7. Lenny Dykstra, 46, former Phillies and Mets star

A potent threat to the 1993 World Series-winning Blue Jays, the former Philadelphia Phillies slugger-turned-investment guru lost heavily on The Players Club, a lifestyle magazine for pro athletes and faces foreclosure on his $18.5 million (U.S.) mansion in Thousand Oaks, Calif.

8. Martha Stewart, 67

Stock in the fashion maven’s Martha Stewart Living Omnimedia Inc. has tanked after a $16.8-million (U.S.) loss in this year’s first quarter due to falling magazine ad revenue and sluggish sales of Stewart-branded goods at Kmart. Stewart’s stake in her company has lost 92 per cent of its value since the stock’s 2005 high.

9. Kevin Bacon, 50

The Prominent actor is among the victims of Bernie Madoff’s colossal Ponzi scheme. "I need to work, for obvious reasons," says Bacon, who starred in JFK and Apollo 13.

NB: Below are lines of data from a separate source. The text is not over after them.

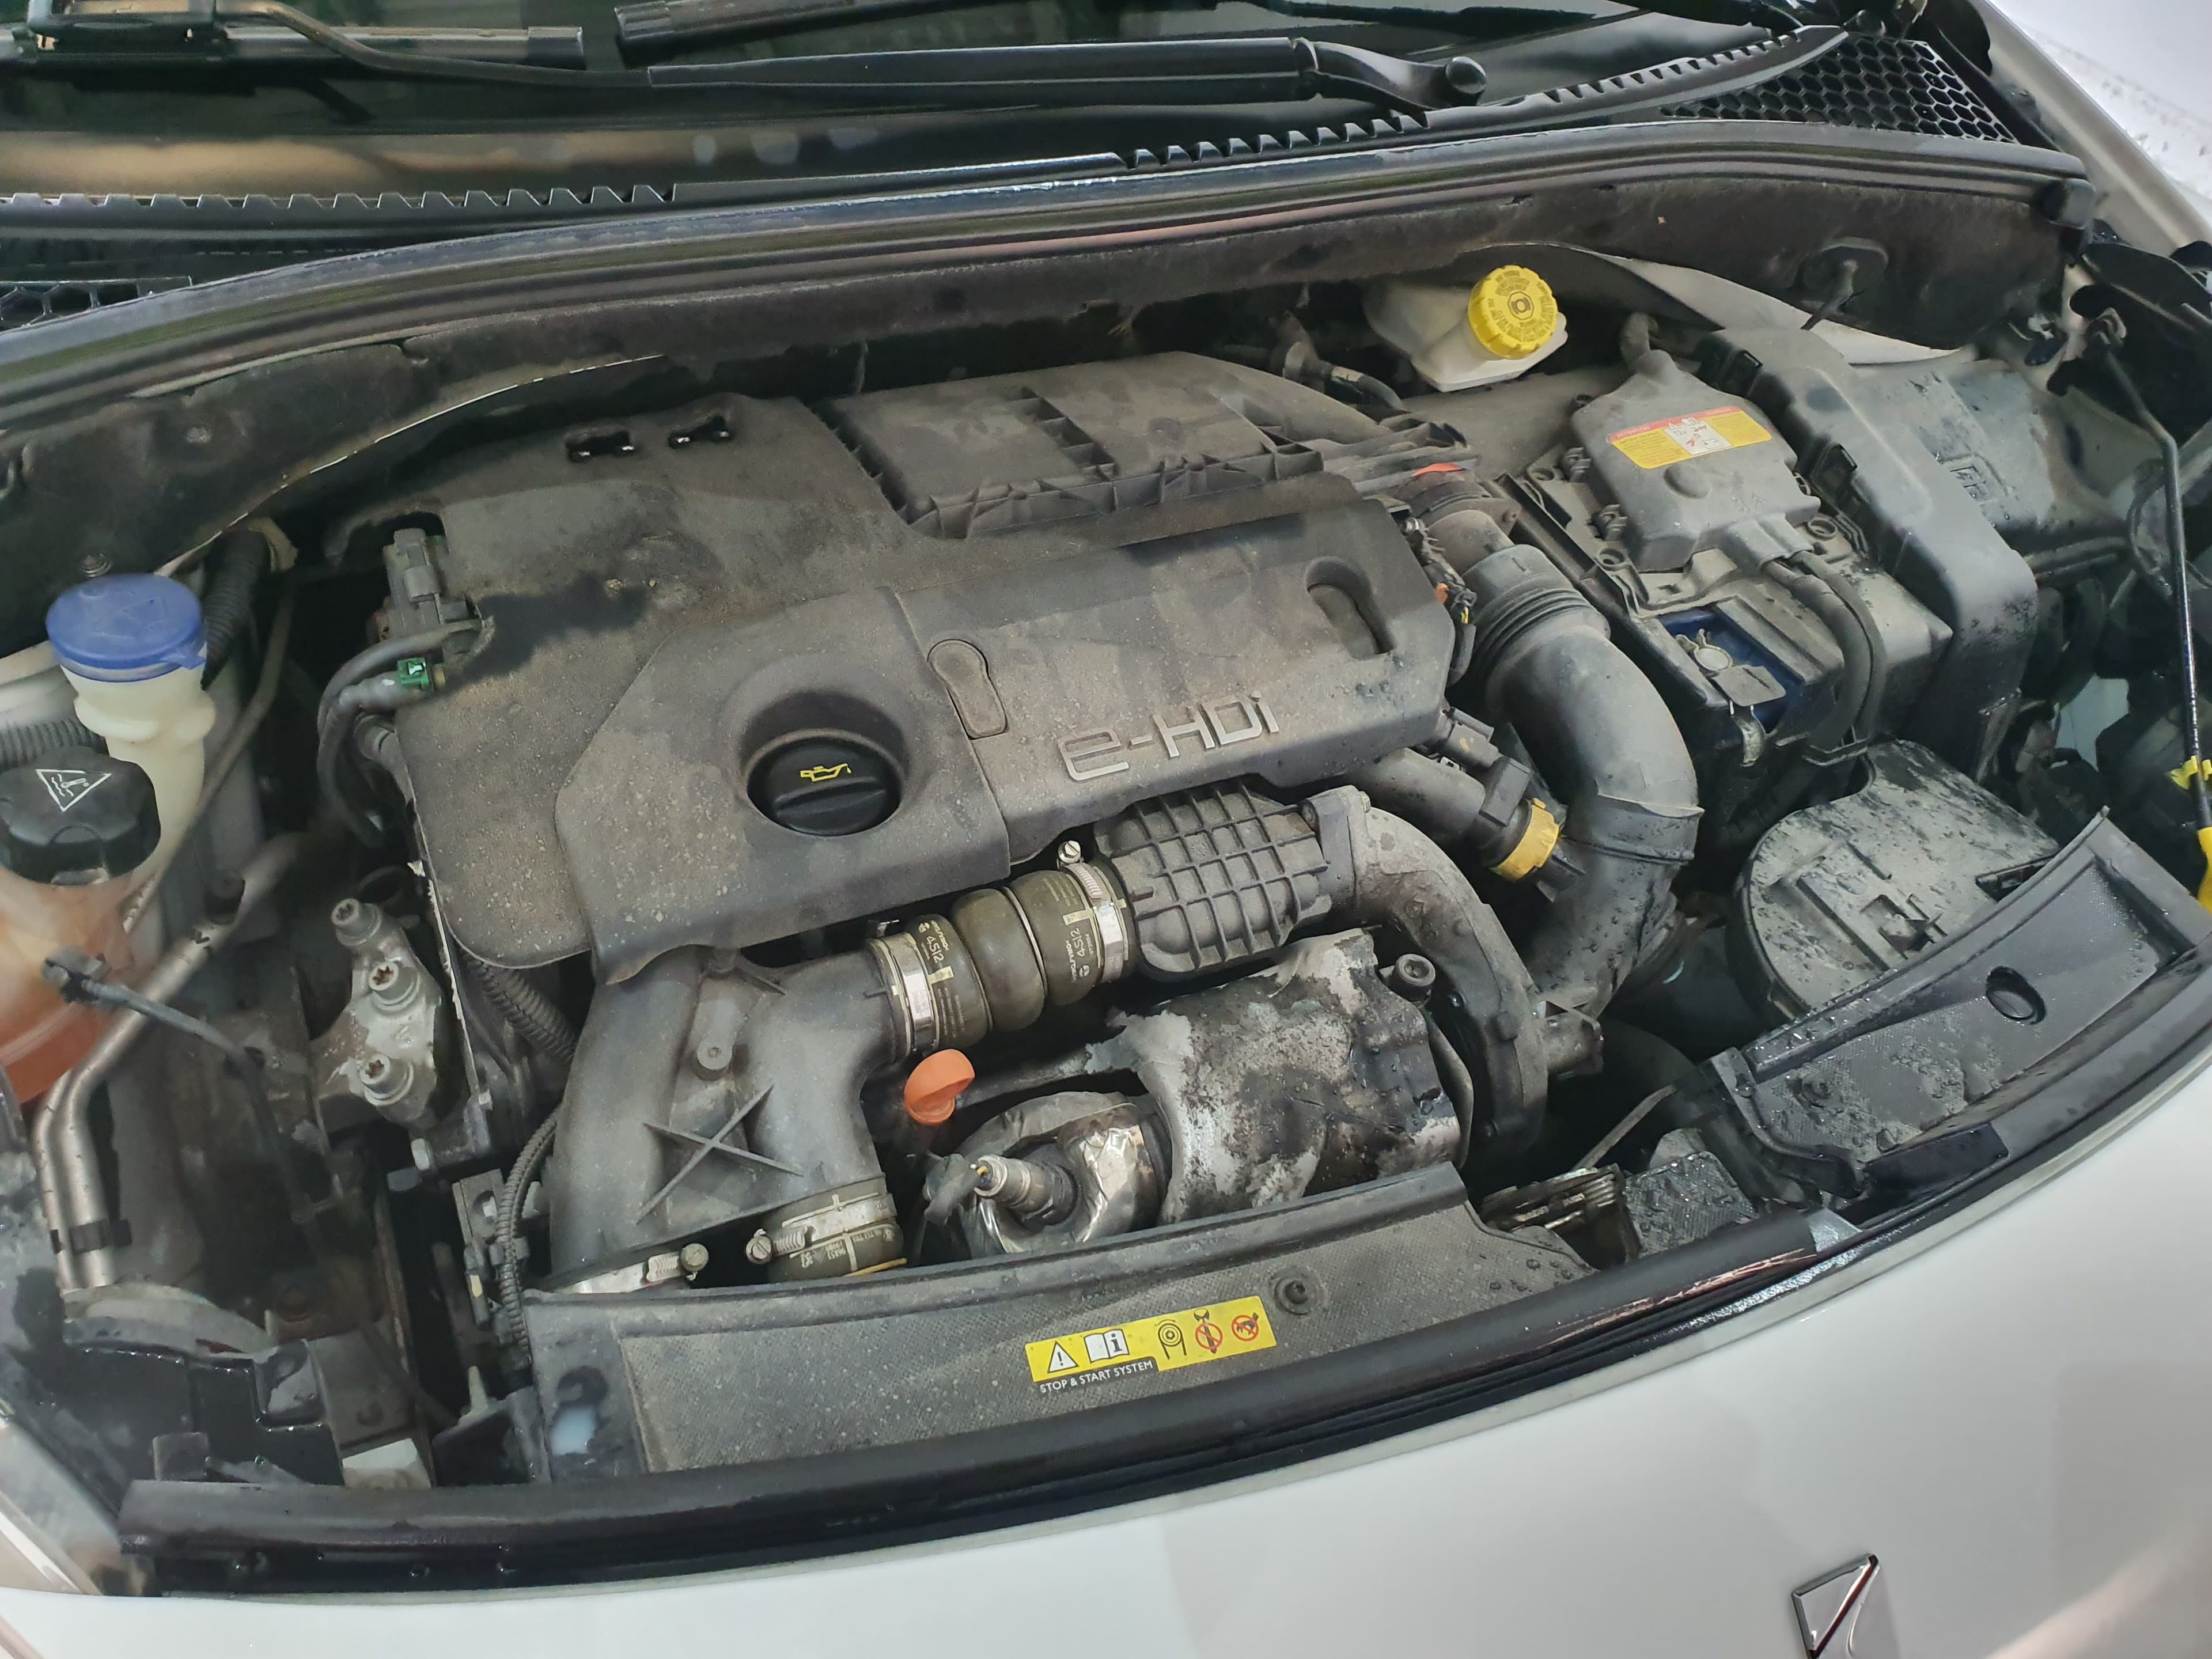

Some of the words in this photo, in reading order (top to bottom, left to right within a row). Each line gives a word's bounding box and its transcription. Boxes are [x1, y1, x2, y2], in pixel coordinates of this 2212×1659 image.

[1058, 691, 1279, 782] e-HDi
[1040, 1379, 1067, 1393] STOP
[1070, 1377, 1078, 1387] &
[1079, 1369, 1111, 1384] START
[1113, 1360, 1153, 1377] SYSTEM
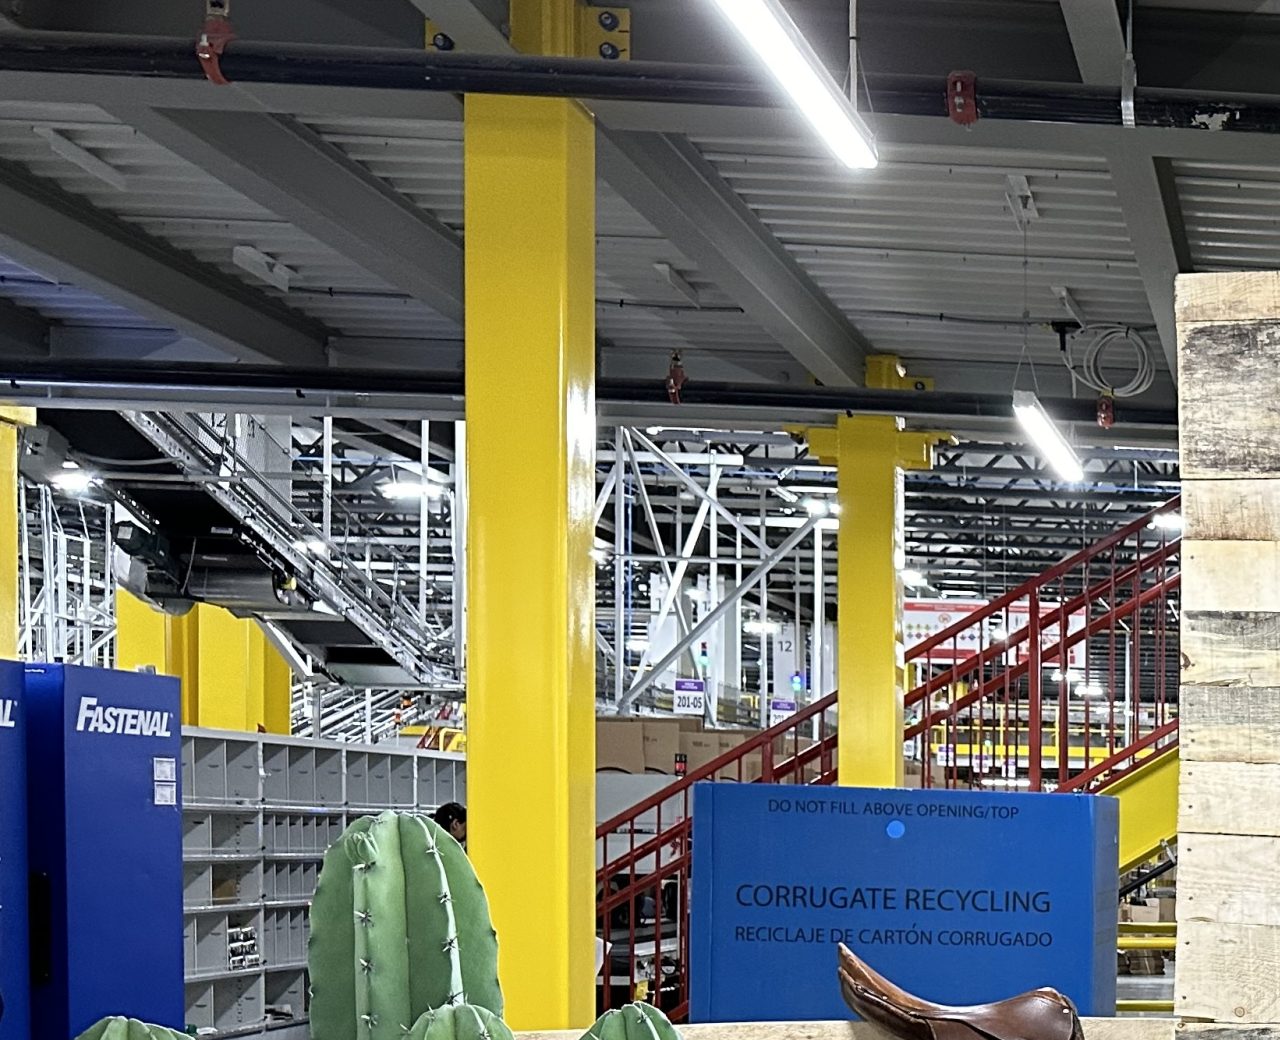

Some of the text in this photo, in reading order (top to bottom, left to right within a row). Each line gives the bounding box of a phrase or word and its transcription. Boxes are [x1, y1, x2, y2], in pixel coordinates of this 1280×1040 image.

[778, 640, 793, 653] 12
[677, 695, 703, 709] 201-05
[76, 696, 172, 738] FASTENAL
[768, 799, 1020, 820] DO NOT FILL ABOVE OPENING/TOP
[735, 883, 1051, 914] CORRUGATE RECYCLING
[735, 922, 1053, 948] RECICLAJE DE CARTÓN CORRUGADO

10. Gordon Ramsay, 42, UK celebrity chef and restaurateur

Rottweiler-mannered TV chef has slashed staff at his restaurants and is reputed to have violated terms of a loan.

11. Annie Leibowitz, 59, Rolling Stone photographer

Veteran Rolling Stone photographer and pioneer in rock-star portraiture has put up her entire body of work as collateral for a multi-million loan to pay off mortgages and other obligations.

12. Lily Allen, 24, UK singing sensation

British singing sensation allowed overspending to catch up with her, and has had to part with her Beemer. "I was hit big time by the credit crunch," Allen says.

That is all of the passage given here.